Practical Advice and Compliance
- Tax software and preparers now generally sort filers by the execution date of the divorce instrument and any later modifications.
- Couples with earlier decrees should exercise caution before modifying agreements: an explicit post-2018 adoption of TCJA rules removes the payer’s deduction and eliminates the recipient’s reporting requirement.
- Clarity in the decree reduces filing headaches: label child support clearly, avoid tying alimony to a child’s status, and specify whether third-party payments replace direct alimony and whether both parties agree to treat them as alimony.

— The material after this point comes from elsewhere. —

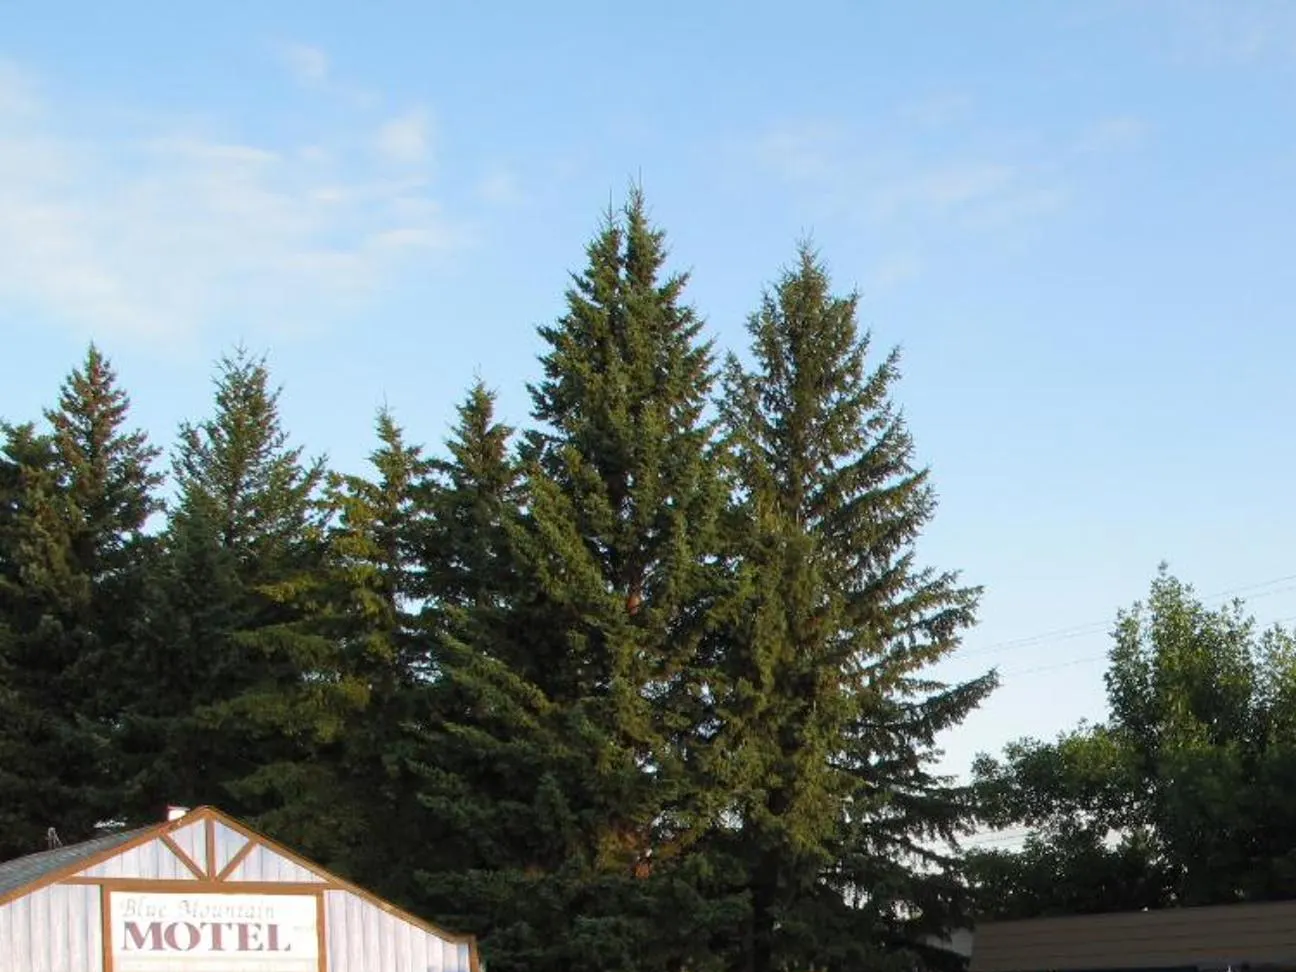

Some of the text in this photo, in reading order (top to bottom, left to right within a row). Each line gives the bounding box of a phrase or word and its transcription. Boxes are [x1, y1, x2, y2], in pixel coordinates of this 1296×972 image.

Bottom line: For post-2018 divorce instruments, alimony is not deductible and not income; for earlier instruments, the deduct-and-include system generally remains in effect unless a later modification adopts the TCJA treatment. Keeping records, checking the instrument’s dates and language, and using IRS forms and instructions are the surest ways to report correctly and avoid penalties for misreported payments.
This Article in a Nutshell
Post-2018 divorce instruments: alimony nondeductible for payers and not taxable to recipients. Pre-2019 instruments generally follow old deduct-and-include rules unless modified. Confirm instrument dates, classify payments correctly, and keep documentation; IRS Topic No. 452 and Publication 504 provide guidance.